Distributions of matrix distance as a function of multiallelic LD

The distributions of the matrix distance for the six compared AIP, as function of local multiallelic LD, were also evaluated on the FLW and HCB chromosomes. The matrix distances for the six AIP were calculated at 966 and 14 973 possible target SNPs for the FLW and HCB chromosomes, respectively. The target SNPs were defined in exactly the same way as used for the trained predictor (TP). The matrix distances calculated at each window that harbors a target SNP for the six AIP were then plotted against the multiallelic measure R of LD between the haplotypes and the target alleles within the window.

QTL simulation on FLW chromosomes

The 235 FLW chromosomes were included in N=200 gene-drop simulations, in a 25-generation pedigree for the FLW breed, using the LDSO software [40]. The pedigree was composed of 1594 founders, 3373 sires and 7100 dams.

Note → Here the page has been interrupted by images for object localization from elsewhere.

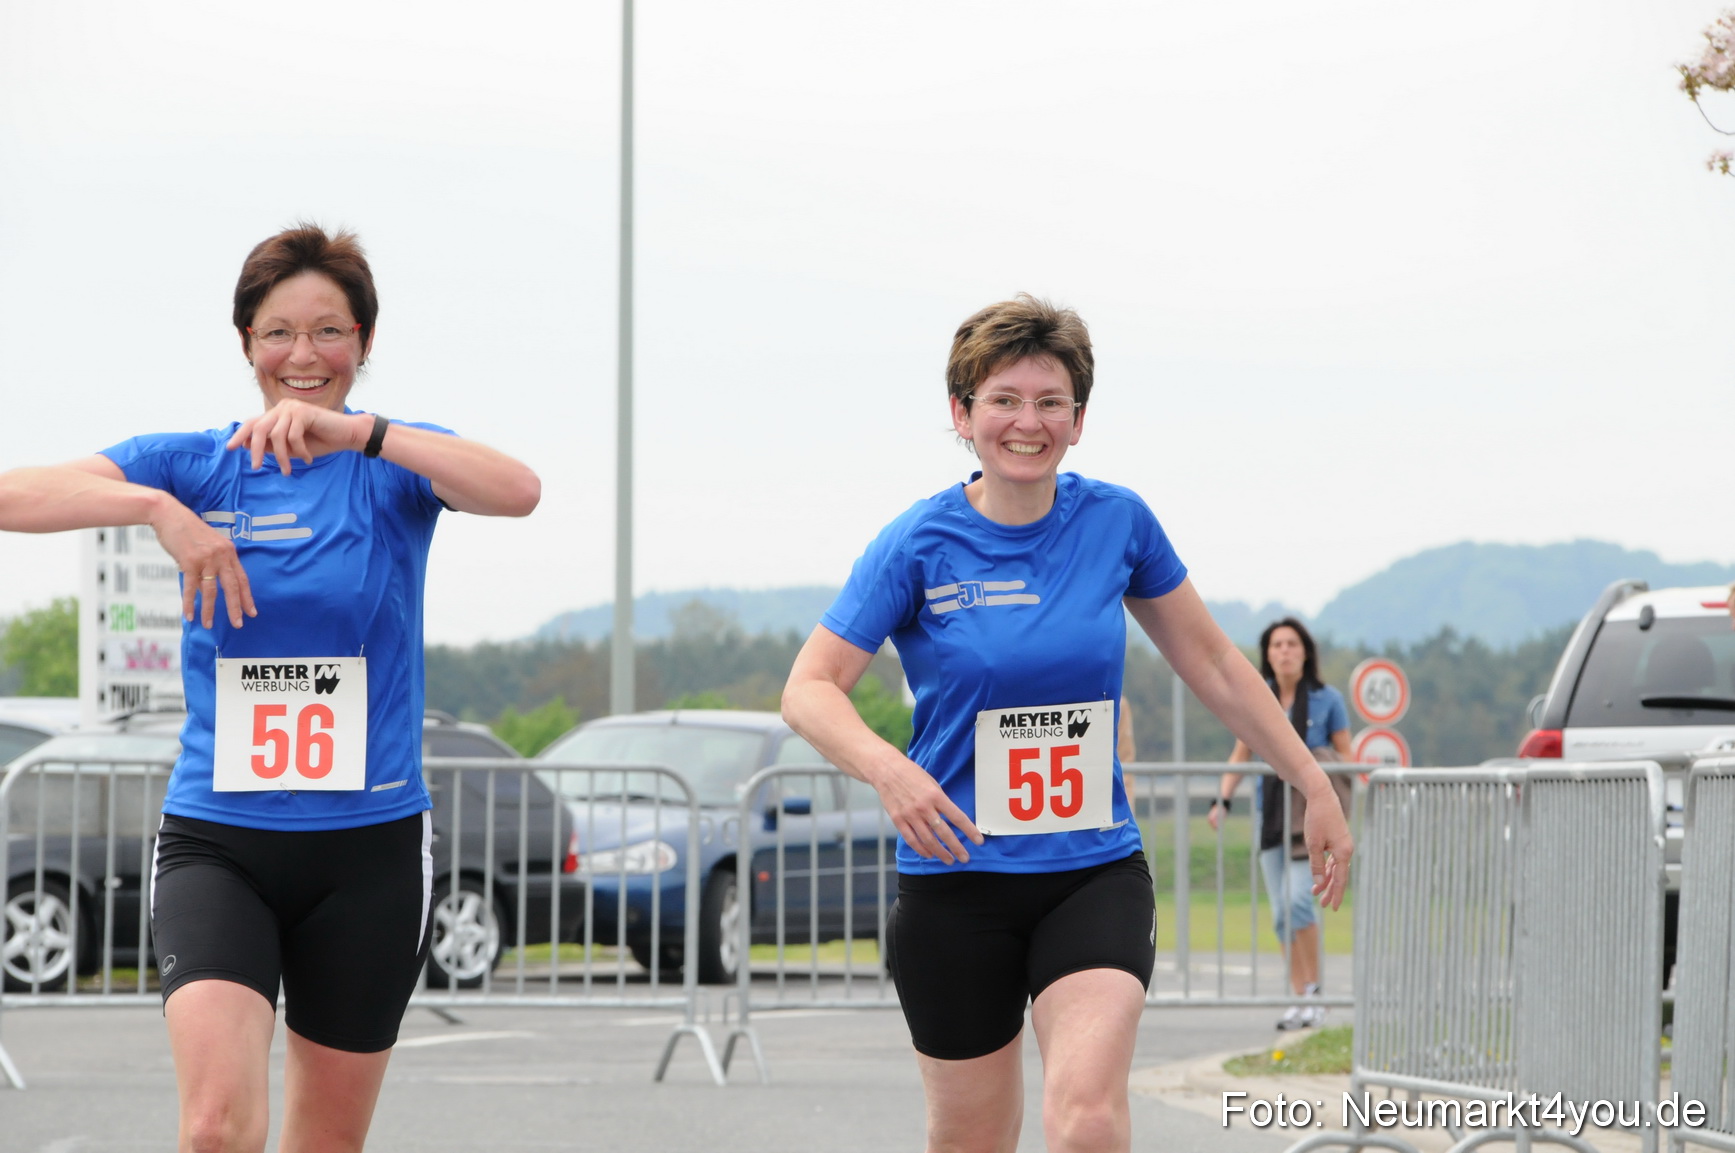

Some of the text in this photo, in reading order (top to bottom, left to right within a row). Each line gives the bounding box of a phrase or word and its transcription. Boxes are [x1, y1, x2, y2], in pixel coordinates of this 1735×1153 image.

[241, 664, 310, 680] MEYER
[241, 680, 310, 692] WERBUNG
[1366, 677, 1396, 707] 60
[999, 711, 1063, 728] MEYER
[250, 702, 335, 780] 56
[999, 726, 1064, 740] WERBUNG
[1008, 743, 1084, 822] 55
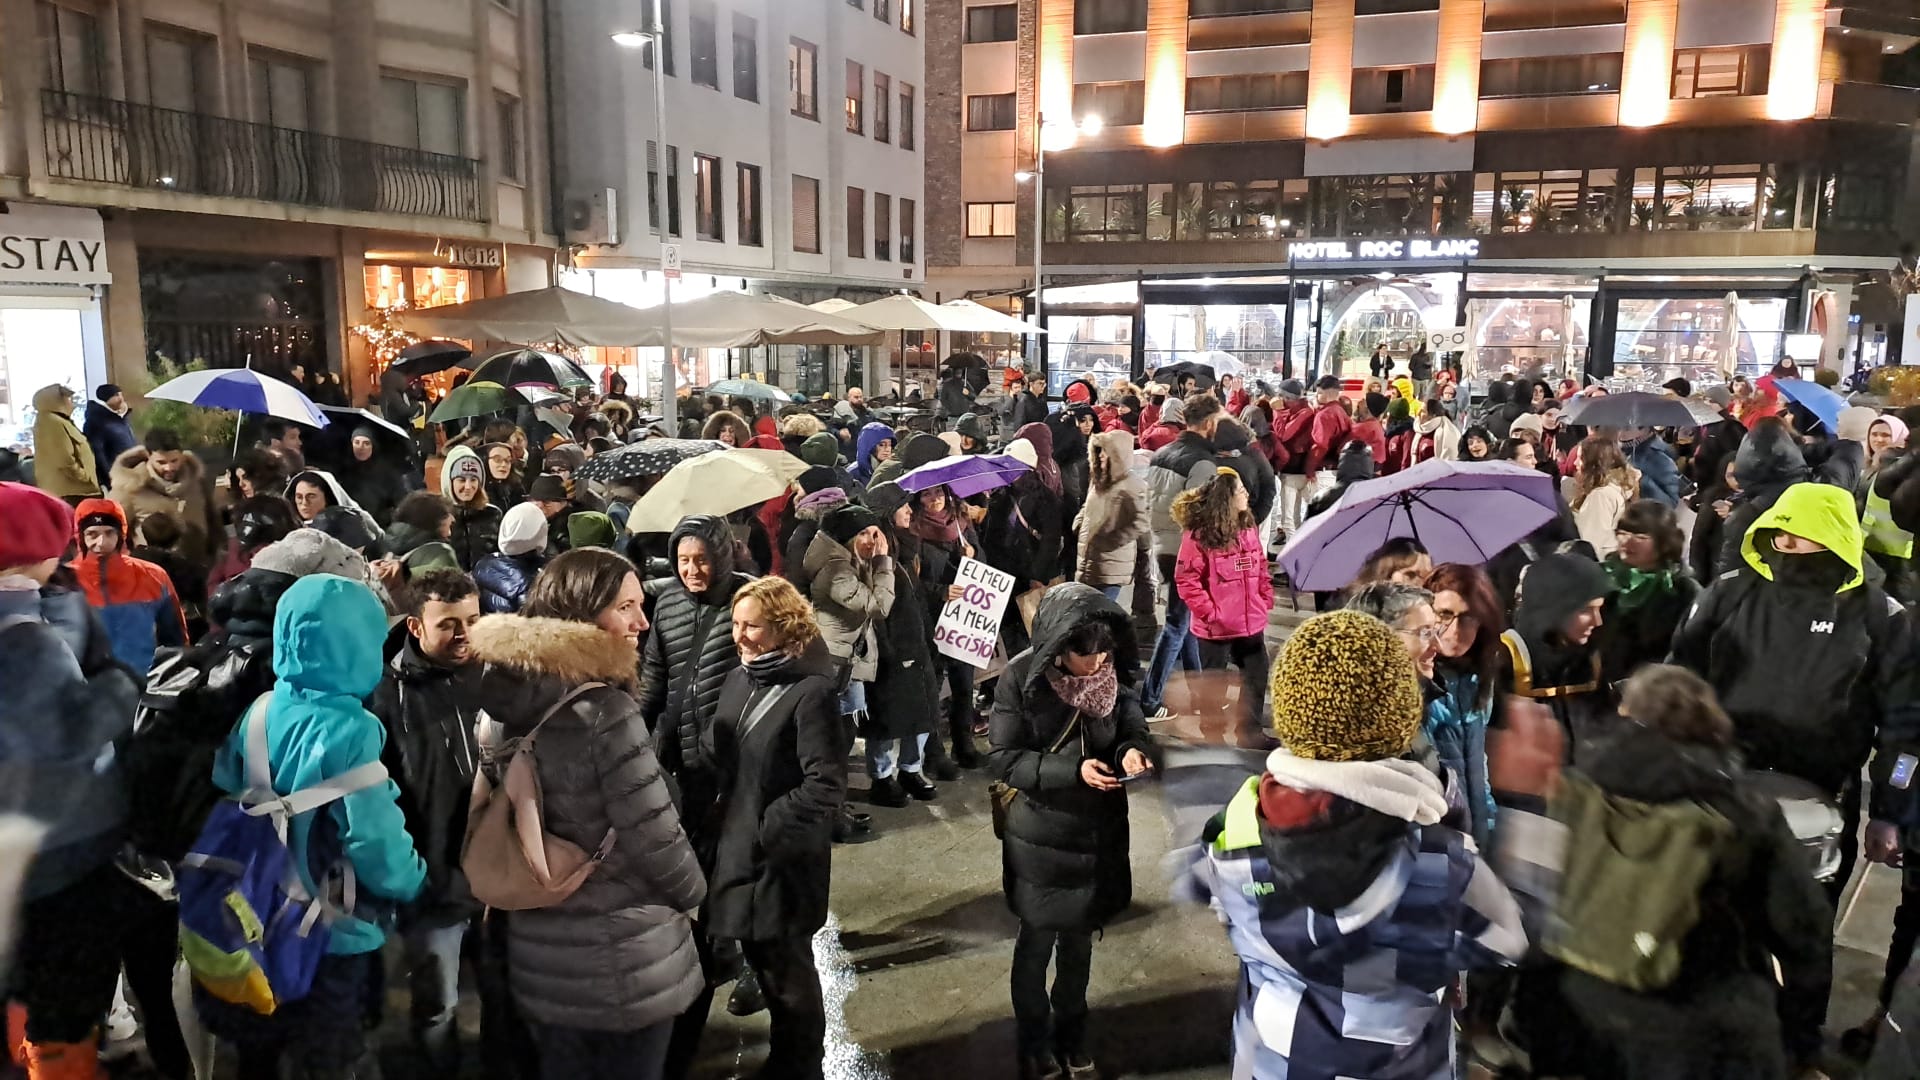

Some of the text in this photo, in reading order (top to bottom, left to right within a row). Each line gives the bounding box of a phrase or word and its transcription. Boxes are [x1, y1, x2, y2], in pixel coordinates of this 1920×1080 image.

[1, 236, 100, 272] STAY
[1289, 239, 1479, 258] HOTEL ROC BLANC
[962, 560, 1010, 593] EL MEU
[963, 584, 996, 610] COS
[944, 602, 997, 636] LA MEVA
[1810, 620, 1834, 634] HH
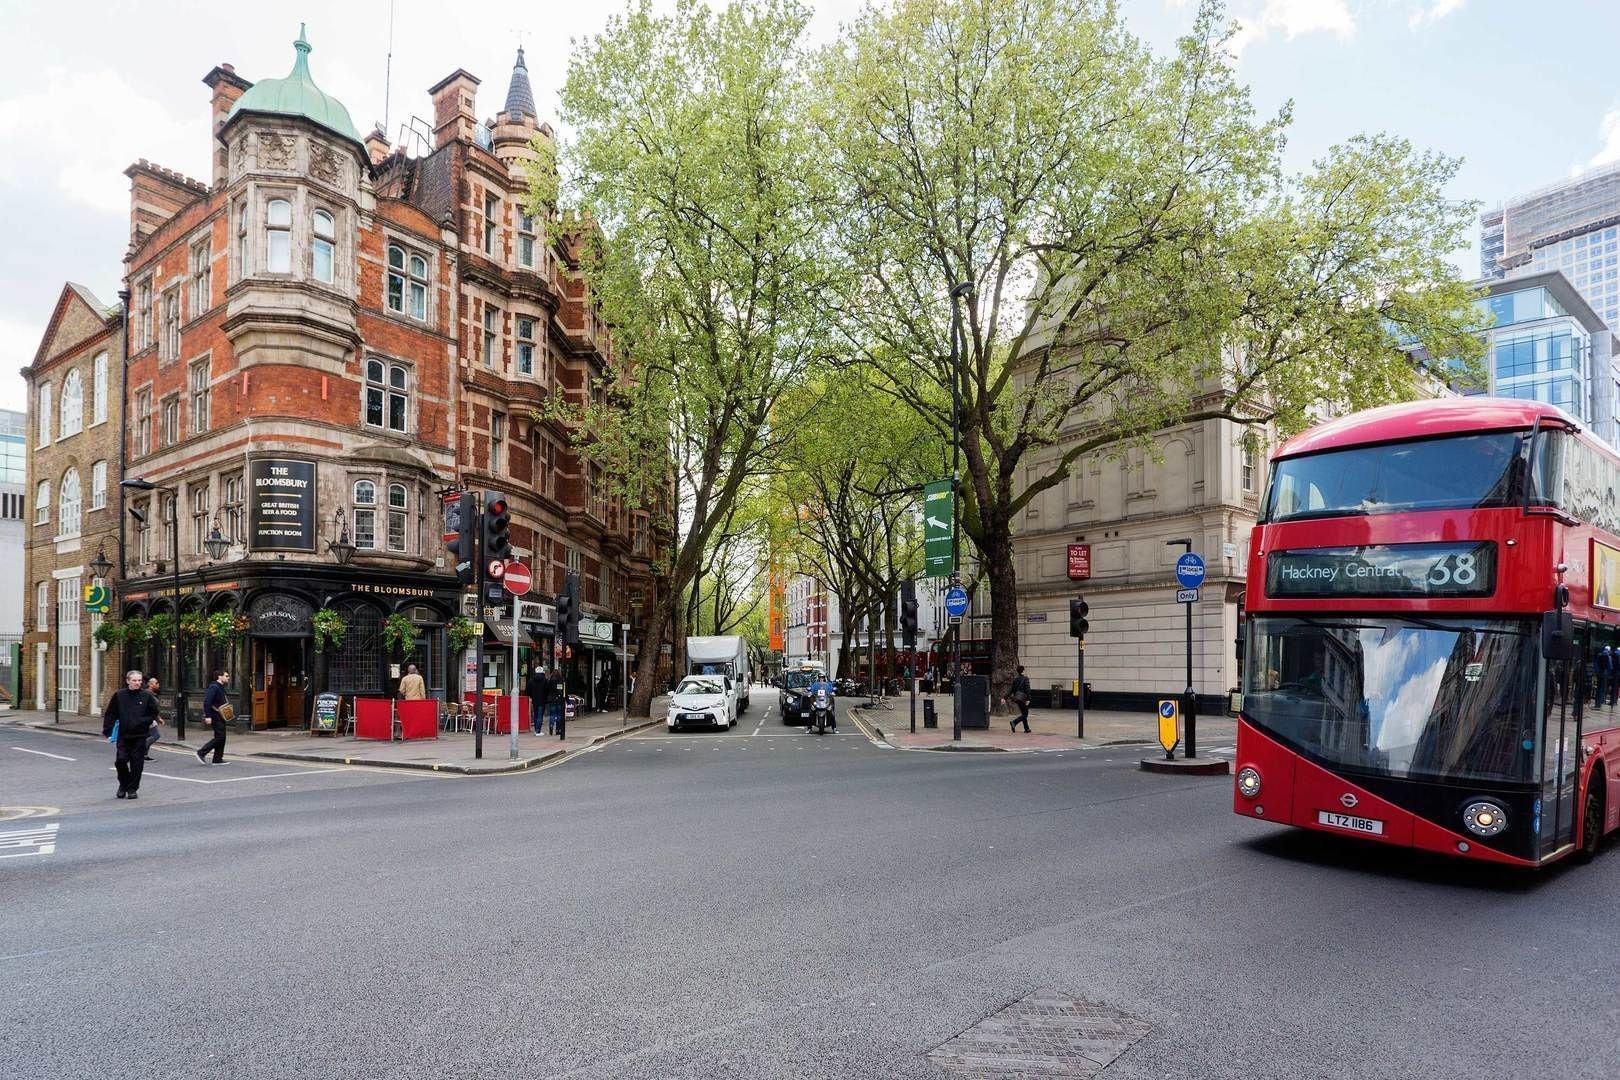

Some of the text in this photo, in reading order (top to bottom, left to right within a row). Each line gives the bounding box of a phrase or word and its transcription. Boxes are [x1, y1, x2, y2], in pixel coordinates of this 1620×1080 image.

[271, 467, 288, 475] THE
[256, 478, 307, 488] BLOOMSBURY
[1282, 553, 1476, 586] Hackney Central 38
[352, 584, 434, 596] THE BLOOMSBURY
[1328, 814, 1372, 830] LTZ 1186
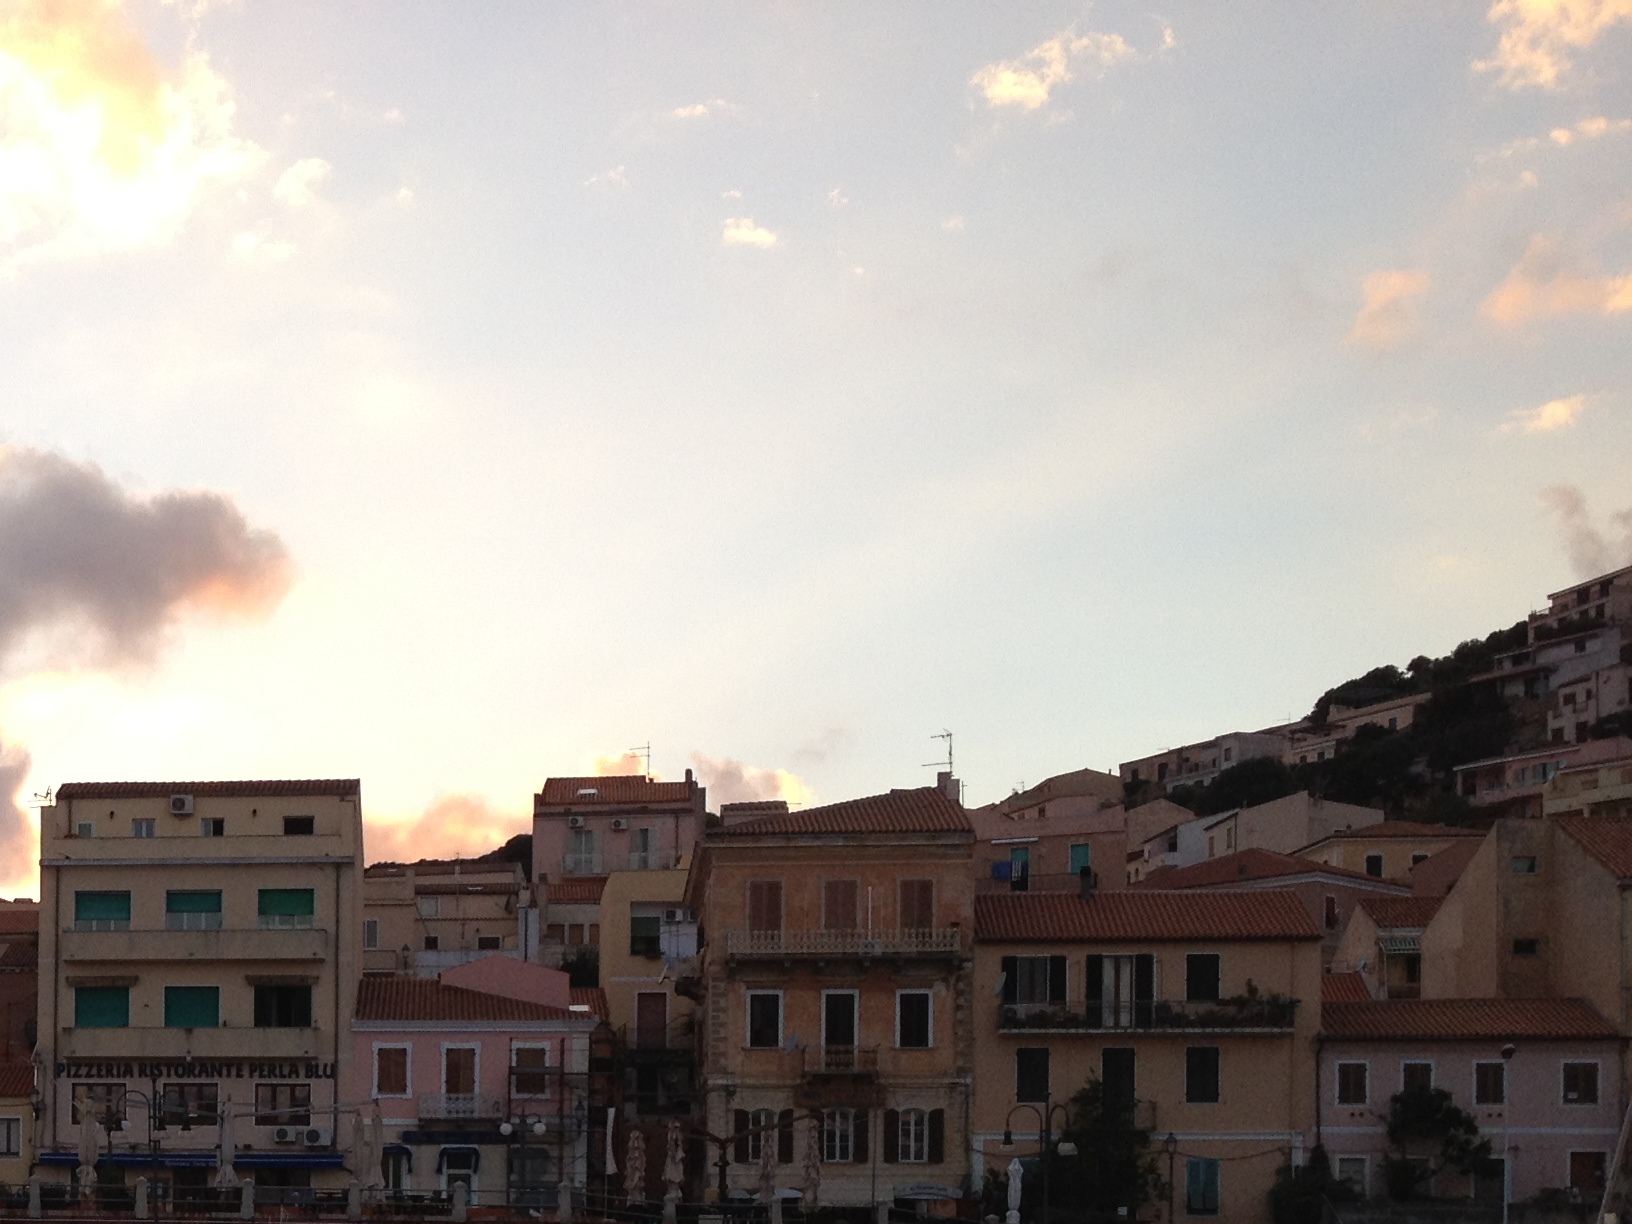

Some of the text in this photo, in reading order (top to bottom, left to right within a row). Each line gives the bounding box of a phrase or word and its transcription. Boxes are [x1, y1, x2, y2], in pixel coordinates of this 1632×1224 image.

The gene-drop procedure was used to generate different realistic genealogy structures between the chromosomes. For each gene-drop the 235 FLW chromosomes were uniformly distributed, with replacement, among the 1594 founders of the pedigree. Hence, the measured LD structure for mapping among descendant individuals at the end of each gene-drop was almost the same as on the 235 FLW chromosomes. It must be emphasized that the use of replicates of only 235 chromosomes to populate 1594 diploid founders, followed by 25 generations of recombinations events, means that the number of different haplotypes at a position is much lower than 3188 (2 × 1594). Thus, the results correspond to medium range population sizes. After each gene-drop, only the chromosomes and phenotypes of the n=485 individuals of generation 25 were retained for subsequent analyzes.

Three distant SNPs were chosen as putative QTL, in order to have different LD levels with the six-marker haplotype that surrounds them on the 235 initial FLW chromosomes. Two different QTL effects were simulated for each of these SNPs, thus leading to six different scenarios. The LD between these SNPs and the observed haplotypes that harbored them was measured using the multiallelic measure R of LD. The LD levels around the three SNPs were equal to 0.52, 0.18 and 0.08, and the lengths of the haplotypes harboring them were equal to 0.09 cM, 0.37 cM and 0.75 cM, respectively. Note that these differences in length were due to the different marker densities in the distinct regions that harbor each putative QTL. The length of the region scanned for QTL mapping around each simulated QTL was approximately 3 cM.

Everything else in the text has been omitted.